On my  side, I went through the McGill Billboard dataset, and found audio for six Elvis songs that also had timing data for each of their chords.  I then wrote a script using Remix to segment out each beat of each song into a folder – so I ended up with g_major, g_minor, and so on.  Then, for playback, I made a controller in Python that would read OSC from Ryan, validate the chord, and then send another OSC message to ChucK, which would play back the audio.  It sounds a bit like this.

In terms of long-distance collaboration, this worked really well:  we only had one point where our systems had to meet, and that was made simple by OSC – just send or read a chord string, and let the other guy worry about the details.  No word of lie, we got it working on the second try.  (And then almost died when it came time to perform it in the main venue.  If you’re using OSC, always test your work on the network you will be performing on.)

The songs we did were Alison and Pump It Up. I ran levels on both of them, both acting as a live human compressor, and as a kind of attempt to provide rhythm that would match Ryan’s singing, as opposed to the rather…confusing rhythm of the concatenated music.   It sounded like this, and I’m pretty happy with it, really.

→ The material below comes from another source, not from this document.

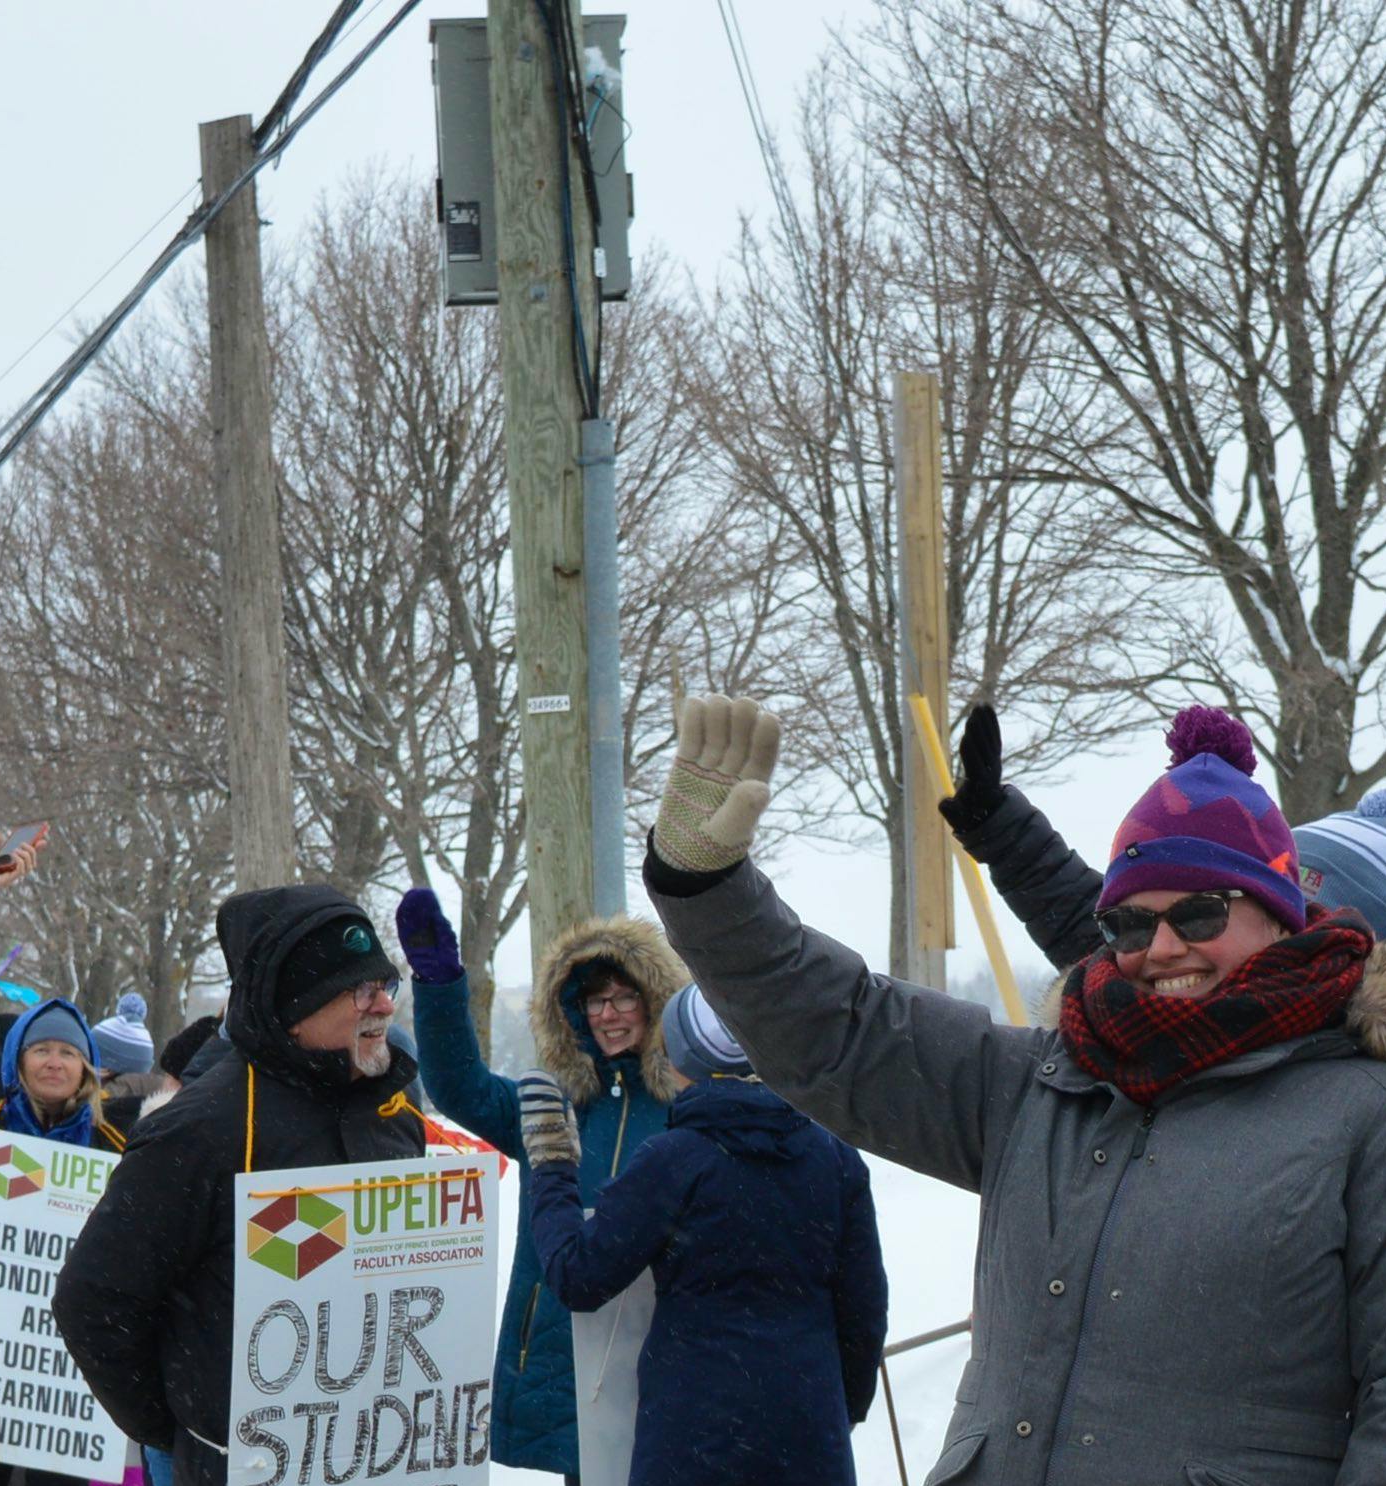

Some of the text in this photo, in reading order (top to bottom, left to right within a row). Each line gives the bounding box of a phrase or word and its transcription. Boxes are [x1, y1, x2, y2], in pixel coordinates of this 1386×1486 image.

[354, 1168, 484, 1235] UPEIFA
[354, 1247, 483, 1270] FACULTY ASSOCIATION
[247, 1286, 444, 1394] OUR

The technical side was a resounding success:  we did exactly what we claimed to do, and the network  stood up for the entire performance.  The artistic side could use some work:  it would be nice to follow the signer’s rhythm, take volume and timbre into account, and so on.  I also think that I am over ChucK:  I am tired of having no useful string manipulation and other things that I take for granted in Python.

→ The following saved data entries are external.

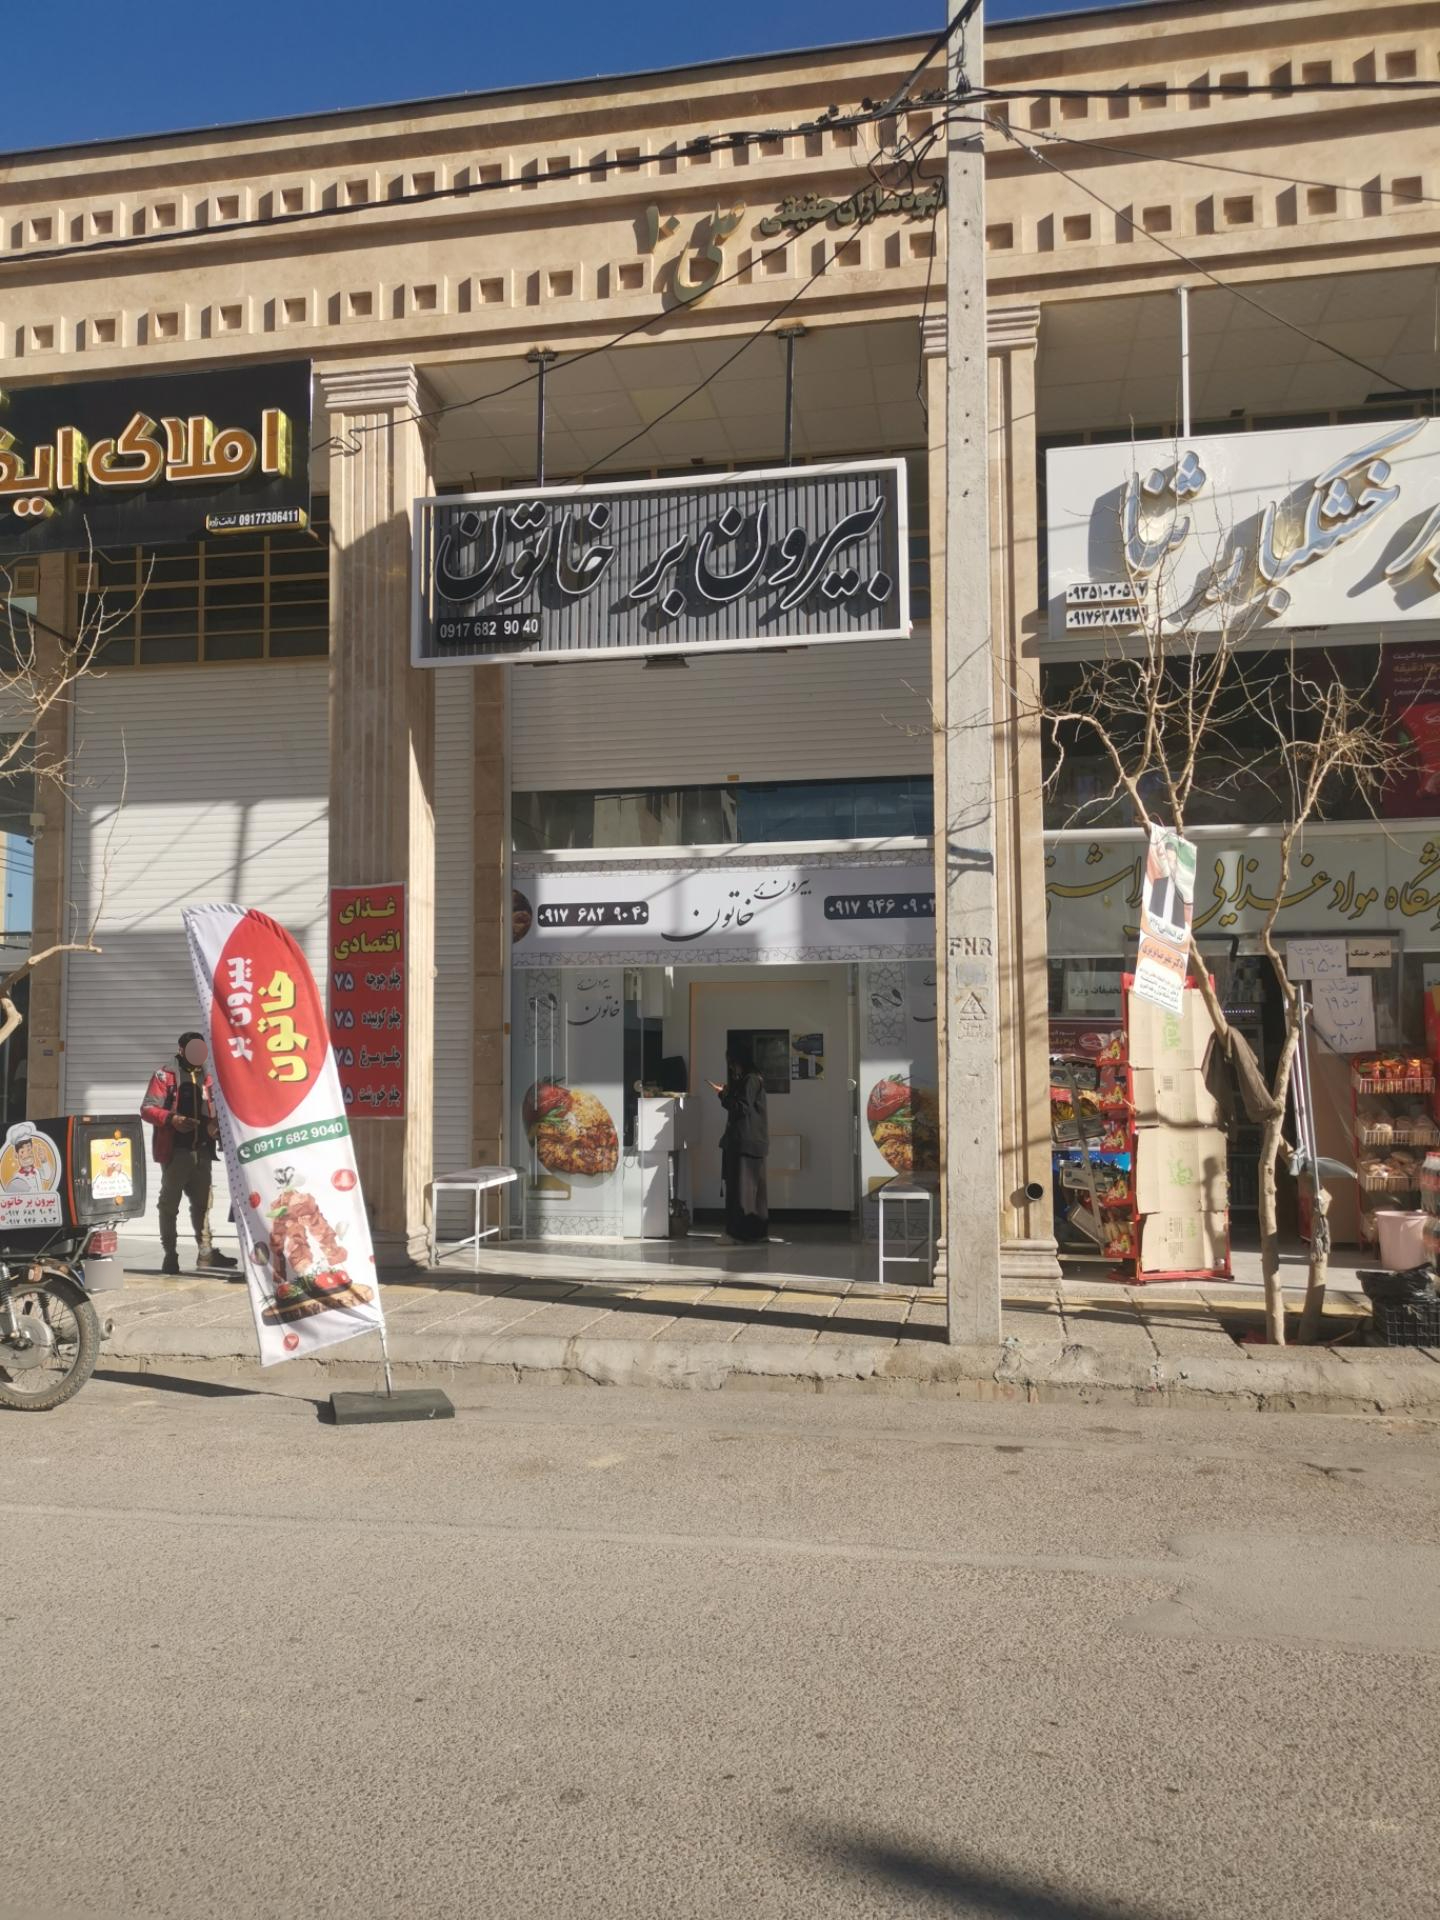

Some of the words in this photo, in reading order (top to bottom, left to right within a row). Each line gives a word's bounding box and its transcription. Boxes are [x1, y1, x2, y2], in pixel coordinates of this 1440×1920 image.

[87, 407, 288, 487] املاک
[239, 509, 299, 526] 09177306411
[435, 500, 618, 603] خاتون
[695, 495, 894, 610] بیرون
[629, 533, 690, 618] بر
[1068, 581, 1145, 600] ۰۹۳۵۱۰۲۰۵۷
[439, 622, 471, 639] 0917
[473, 620, 497, 637] 682
[503, 618, 520, 636] 90
[522, 617, 539, 634] 40
[338, 895, 396, 925] غذای
[828, 899, 861, 916] ۰۹۱۷
[867, 898, 895, 914] ۹۴۶
[1327, 870, 1379, 920] مواد
[539, 906, 568, 923] ۰۹۱۷
[577, 906, 605, 923] ۶۸۲
[614, 906, 628, 921] ۹۰
[632, 905, 648, 921] ۴۰
[660, 890, 755, 942] خاتون
[334, 928, 401, 960] اقتصادی
[227, 957, 253, 1027] بیرون
[334, 971, 355, 992] ۷۵
[257, 969, 308, 1082] خاتون
[334, 1008, 355, 1029] ۷۵
[227, 1036, 253, 1062] بر
[335, 1047, 354, 1067] ۷۵
[253, 1136, 283, 1154] 0917
[286, 1128, 309, 1145] 682
[311, 1122, 343, 1139] 9040

Hilariously, all of my side could be done really easily in remix.js – so maybe there will be a JavaScript version soon!

week 69: ISMIR

I went to ISMIR, and presented a paper about how DJs select and order tracks, which went pretty well.  Ryan Groves and I also ‘performed’ two Elvis Costello songs, with backing chords from Elvis Presely songs.  We probably should have cut it at one, but the first song (Alison, since you asked) was a big hit.  I’ll have a detailed post about it soon, with audio and hopefully video.

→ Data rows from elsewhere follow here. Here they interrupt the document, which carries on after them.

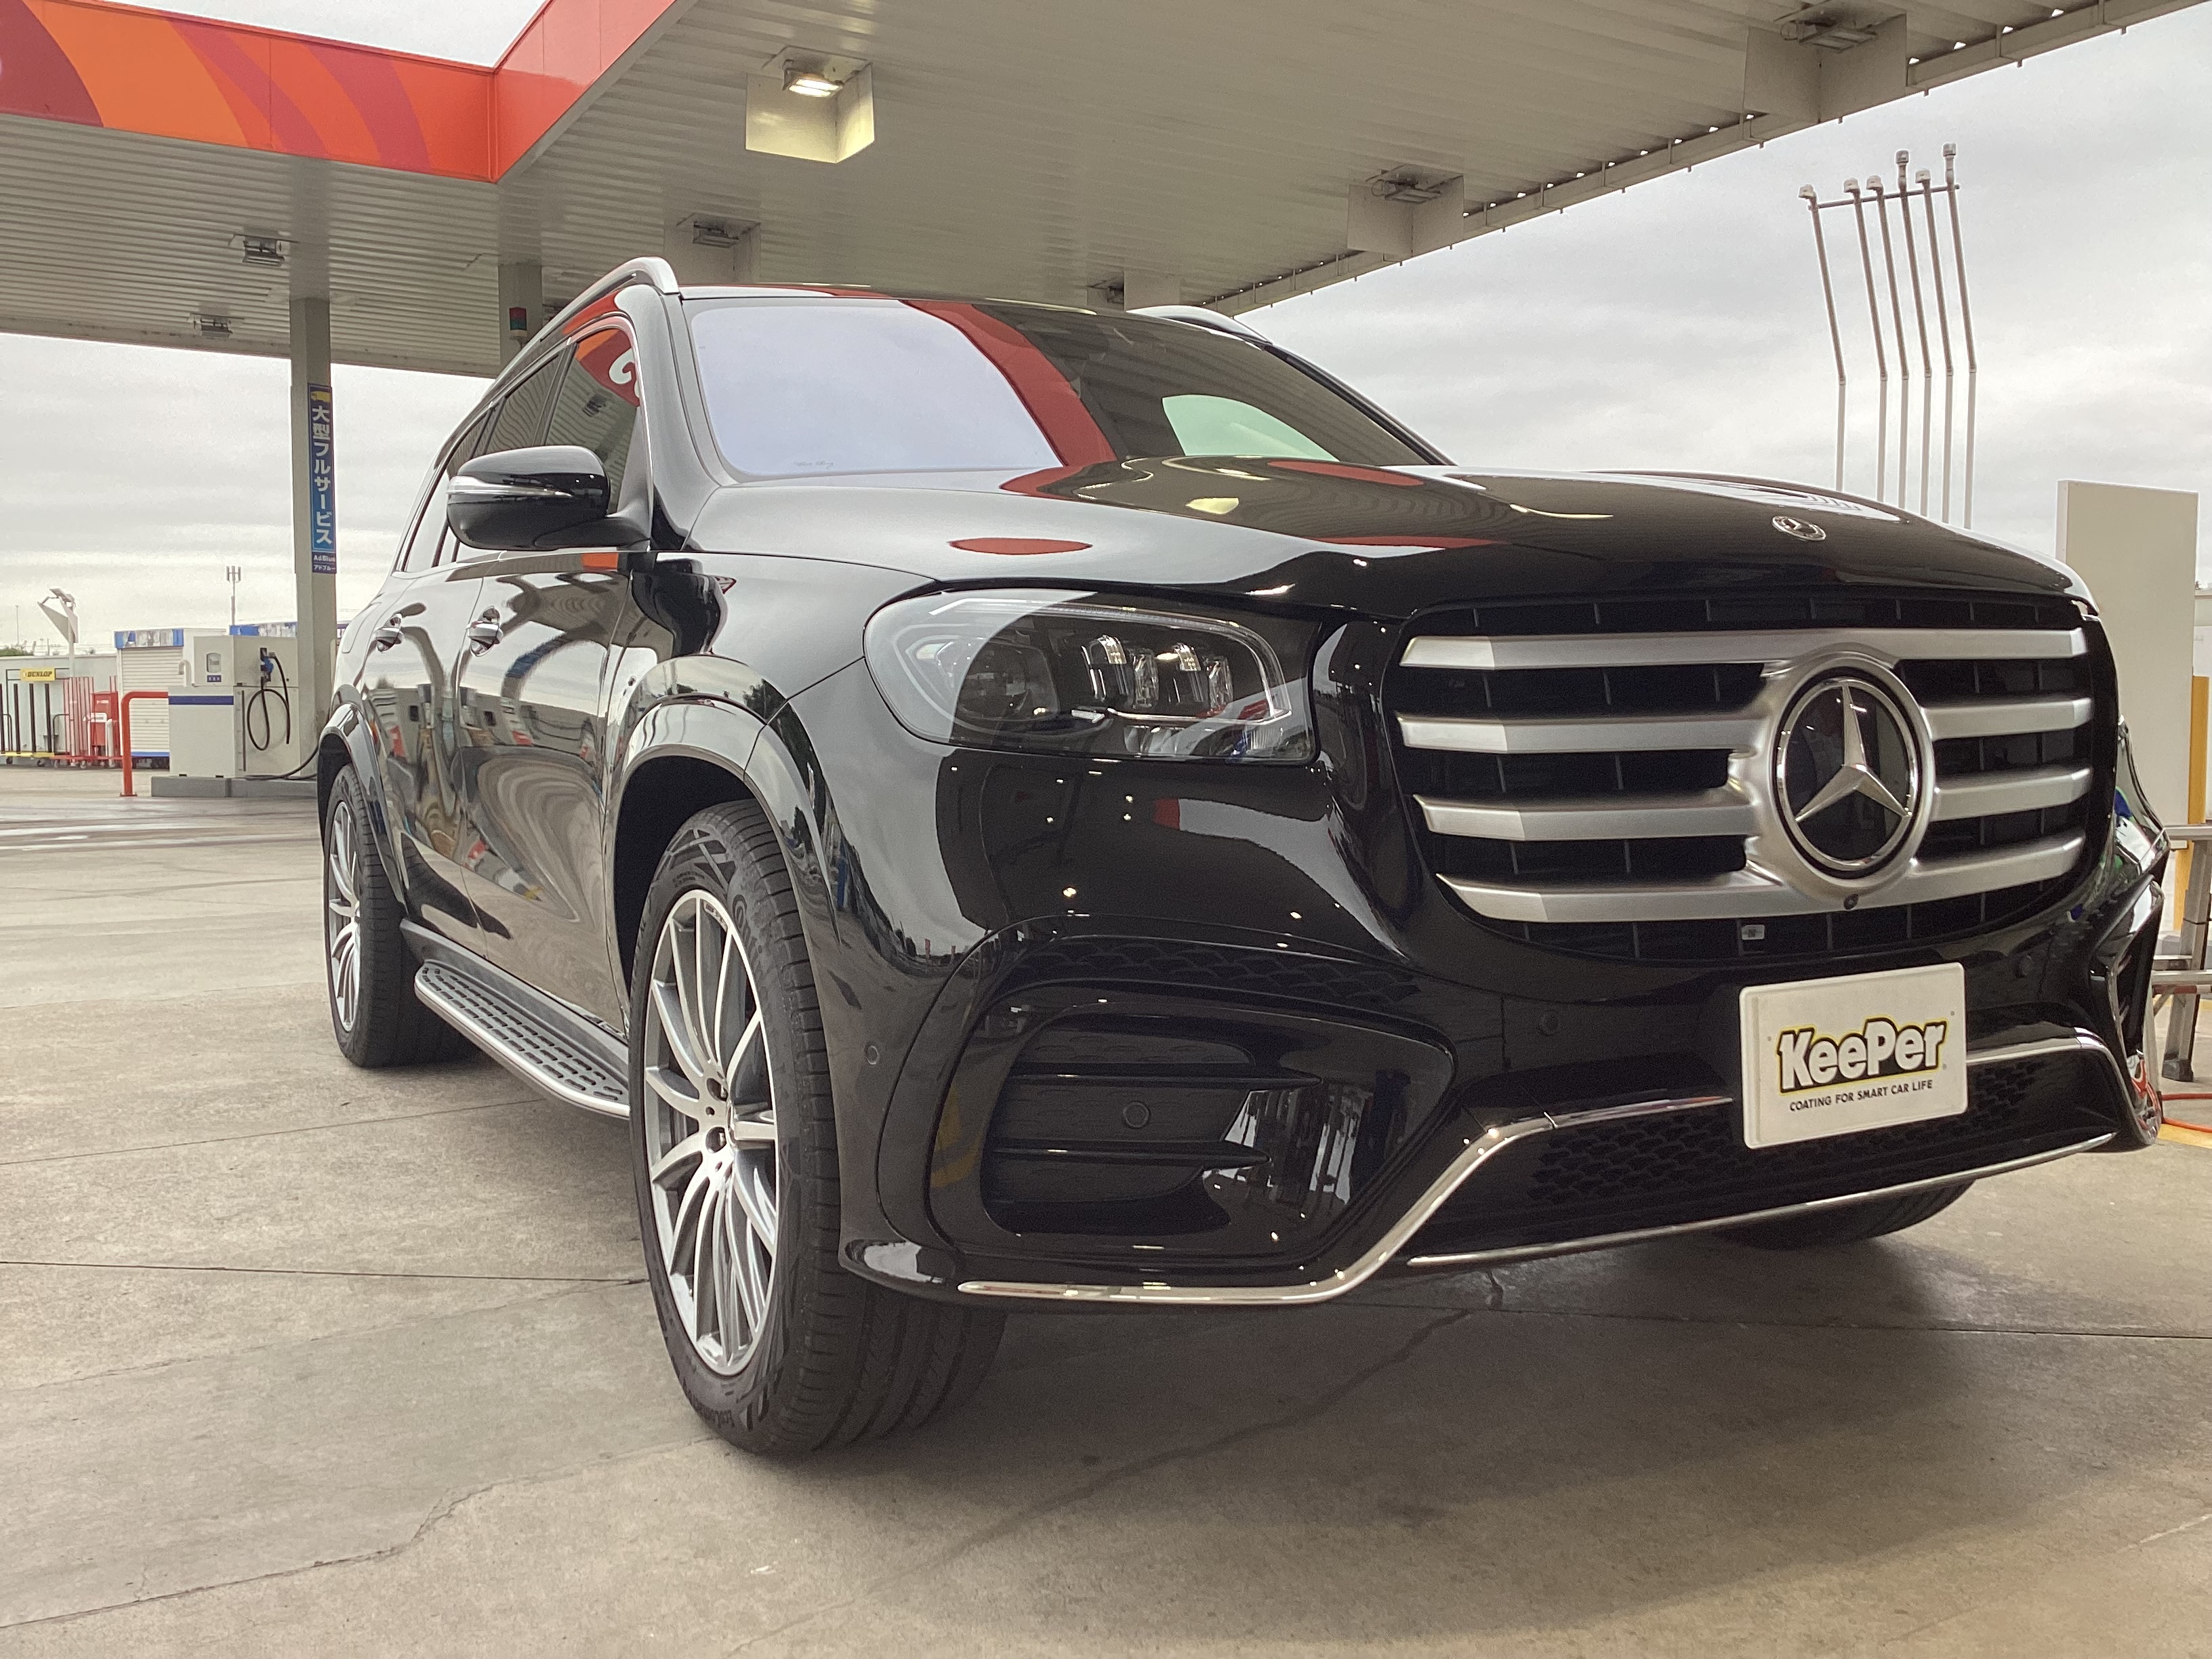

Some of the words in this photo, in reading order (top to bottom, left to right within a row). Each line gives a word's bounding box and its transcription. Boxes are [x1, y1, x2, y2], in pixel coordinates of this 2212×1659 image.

[312, 405, 332, 546] 大型フルサービス
[1777, 1017, 1946, 1093] KeePer
[1790, 1096, 1832, 1112] COATING
[1835, 1092, 1854, 1104] FOR
[1857, 1086, 1888, 1101] SMART
[1891, 1082, 1910, 1094] CAR
[1912, 1079, 1933, 1092] LIFE

Other ISMIR / Curitiba highlights include:

  • Learning about 72-note-to-the-octave Byzantine chant.  (Maria Pantelli, U Cyprus)
  • Learning about ragtime, Andalusian, Turkish, Carnatic / Hindi, Chilean music from a data perspective.  (Anja Volk, Alastair Porter, Sertan Senturk, Monojit Choudhury, Gabriel Vigliensoni, and many more)
  • Learning about Francois Pachet’s work with “style” and for systems that encourage flow.
  • David Hauger’s Million Musical Tweet Database has potential.
  • I am over trying to machine-learn emotional music.  Just done with it.  The only possible answer is to build a constantly updating neural network for every single person in the world.
  • Some neat stuff on automashups by I-Ting Liu, also by Matthew Davies
  • The band at the reception, Caracoarco, can play.  Likewise the quasi-Celtic band we saw at a random pub.
  • Arne Eigenfeldt’s procedural techno machine is really, really good at drums and bass.  The leads are not there, but it is close
  • Cachaca is delicious and covers far more ground than I thought:  I had apple ones, smoked variations, and so on.
  • Academia is fun, but man, it moves slowly and has too many dudes in it.

 

Much more importantly, I also saw two dear friends get married in Toronto.  All the love to them.

week 68

It was a good week for things.

– My man Nathan Friedman came up to Boston to see a concert of Chaya Czernowin pieces, including the brand new Upstream, which was especially rad.  Well done to the NEC new music group, and to Miss Czernowin.

– Dave Tompkins wrote a gorgeous article about Cybortron’s Enter.

Trevor Jackson and Ata.

– Katie Paterson sent Beethoven’s Moonlight Sonata literally to the moon.

‘Black Midi’ – like The Black Page, but for computers.

– Where does your data go on the Internet?  Will the NSA hoover it up?  Now you can find out, with Border Check.